Ora, visto che tanti friulgiuliani vanno oltre confine a fare spese, rifornimento di benzina, sigarette e una capatina nella galassia di Casinò che tepestano la linea di confine, si vorrebbe parimenti portarli “di la’” a prolificare, sancendo così coi fatti la (presunta) realizzabilità dei costosissimi programmi europei di sanità transfrontaliera.

Eppure un super consulente della regione FVG, specializzato appunto in progetti sanitari transfrontalieri, alla nostra domanda “Ma se mia moglie rompe le acque in Slovenia, partorisce tranquillamente e senza problemi?”, risponde, meditando, così: “No”.

No perché, ad esempio, il fascicolo sanitario (se c’è) è si trasmittibile ma non intelleggibile, chi lo riceve probabilmente non conosce l’italiano (molto tecnico peraltro) e, in caso di particolari patologie, i codici di riferimento della classificazione delle malattie sono differenti.
Ve la vedete una donna italiana che, durante il travaglio, deve interloquire con una parlante sloveno? Magari parlano inglese o chiamano un interprete… e si lanciano in una ballo balcanico!

E c’è un altro problemuccio che si stenta a rivelare: la privacy. Non c’è nessuna norma che autorizzi o regolamenti il trasferimento di dati sensibili (dati sanitari) ad una struttura sanitaria estera, in un altro Paese dove la nostra ridondante pappardella legale sulla riservatezza non esiste. Il Garante non si è ancora espresso al riguardo, non lo invidiamo e immaginiamo che impiegherà parecchio tempo…

Superfluo è sottolineare che queste tre lacune, fondamentali, non sono state risolte dal programma e-health, il milionario progetto finanziato con i soldi di Italia-Slovenia di cui un po’ abbiamo già parlato…

L’incredibile taglio del punto nascite di Gorizia (incredibile perché un capoluogo di provincia rimarrebbe orfano di tale struttura) s’incastona poi in una sequenza di tagli proprio ai danni di chi, contro corrente o contro la crisi, vorrebbe prolificare: basti citare l’ostinata scelta di tagliare, eliminare, azzerare qualsiasi contributo economico per la natalità, vedi il bonus-bebè.

La propaganda di regime tenta di convincere con pensieri del tipo: “I bonus bebè, è provato scientificamente, non hanno corrisposto alle aspettative, ossia non hanno incrementato le nascite”. A parte che non vengono citate le fonti scientifiche di queste dichiarazioni, a parte che in tutti i Paesi UE vengono dati contributi, anche congrui, come in Austria, a chi sforna bambini… ma a vedere la disperante situazione demografica, eccheddìo!, sarebbero da dare come minimo 10mila euro ad ogni neonato!

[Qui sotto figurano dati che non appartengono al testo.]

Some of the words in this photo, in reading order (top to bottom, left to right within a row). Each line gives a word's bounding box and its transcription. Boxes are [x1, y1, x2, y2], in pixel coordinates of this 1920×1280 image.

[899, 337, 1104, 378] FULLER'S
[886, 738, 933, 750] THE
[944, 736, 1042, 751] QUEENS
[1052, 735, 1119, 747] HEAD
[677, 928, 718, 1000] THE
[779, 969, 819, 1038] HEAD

Serracchiani non ha figli e probabilmente è un po’ anzionotta per farli, o non ha la materia prima, fatti suoi.

Ma sembra, nei fatti, estremamente ostile a chi li ha e li fa.

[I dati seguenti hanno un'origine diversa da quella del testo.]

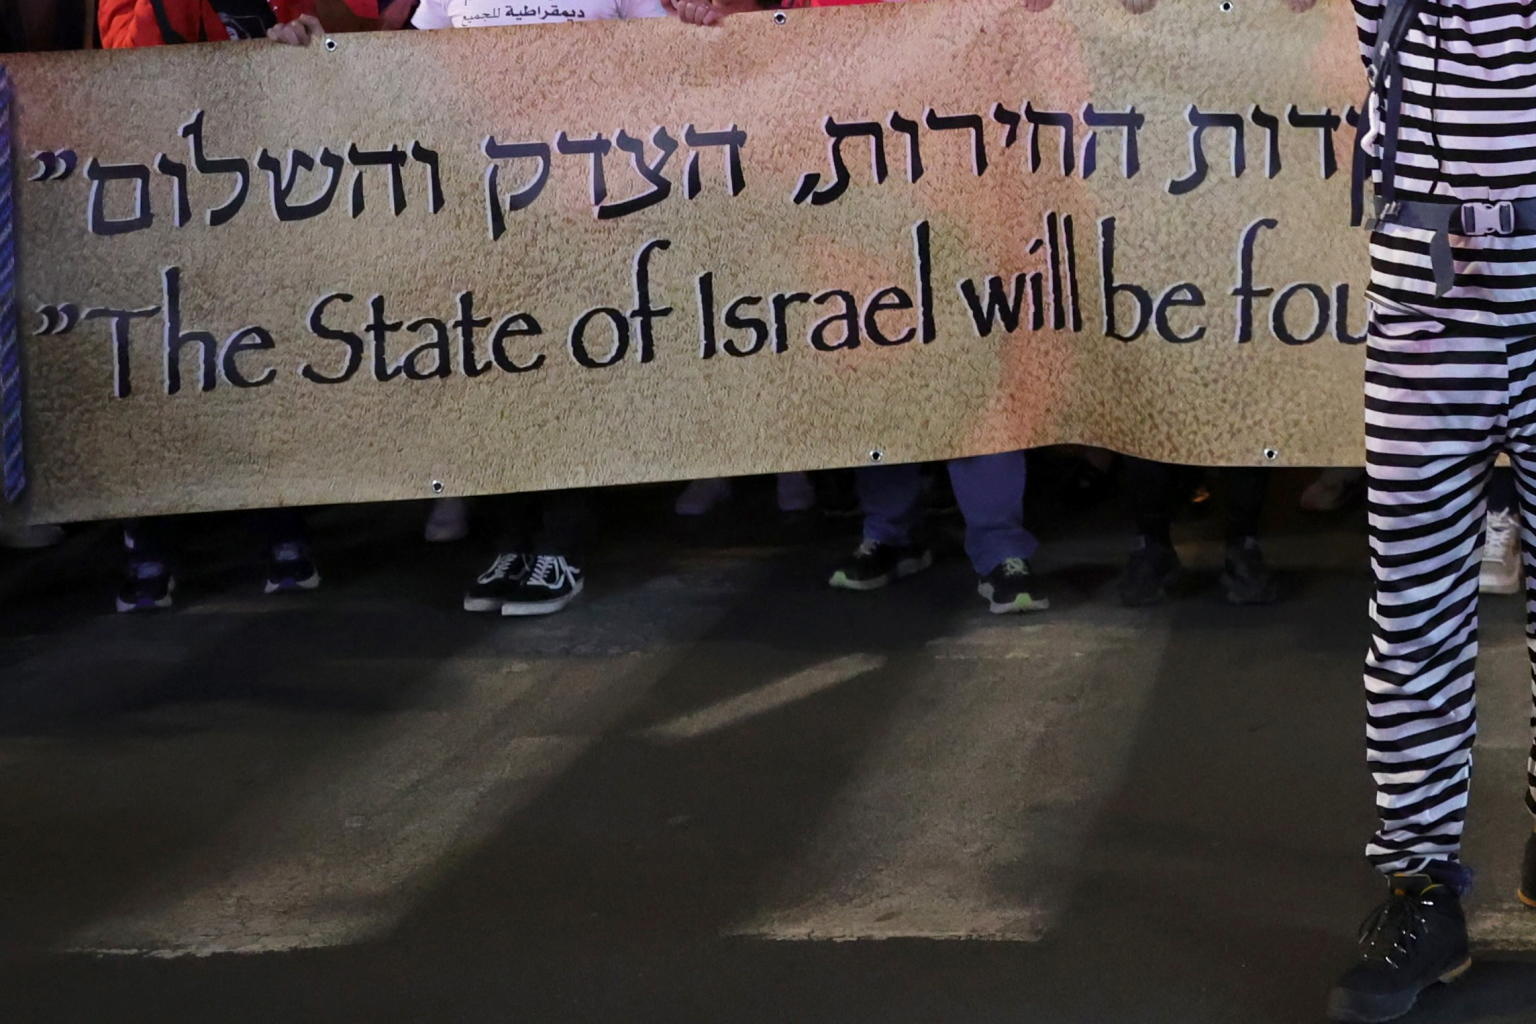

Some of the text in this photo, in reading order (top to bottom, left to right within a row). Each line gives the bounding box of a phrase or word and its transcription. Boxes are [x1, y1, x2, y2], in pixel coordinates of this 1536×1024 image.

[462, 5, 585, 27] ديمقراطية للجميع
[480, 123, 748, 242] הצדק
[792, 100, 1145, 207] החירות,
[299, 290, 546, 385] State
[567, 238, 672, 370] of
[699, 219, 936, 359] Israel
[958, 211, 1081, 337] will
[1100, 216, 1206, 344] be

E a molti danno fastidio questi pericolosi tagli, tagli che toccano la società nel suo intimo.

Dice una goriziana: “Perché non taglia tutti quei finanziamenti per la lingua e cultura slovena, piuttosto?”

Ed infatti la Debora Serracchiani è stata contestata, in maniera poi assolutamente bonaria, proprio a Gorizia. La reclàme di partito la fa passare, complici i giornaletti locali, per una Giovanna D’Arco.

E’ stata contestata, dentro e fuori il Comune, perché i goriziani sono incazzati.

Ebbene, per tale consigliere regionale PD Diego Moretti “Dietro al tentativo di aggressione rivolto alla presidente Serracchiani c’è un’organizzazione di tipo squadristico che va ben oltre i normali contrasti democratici e le normali contestazioni”.

E ancora, aggiunge il vicecapogruppo del Pd di Renzi “è grave che nessuno abbia stigmatizzato il tentativo di aggressione fisica ai danni della presidente, evitato proprio dall’intervento di un agente”.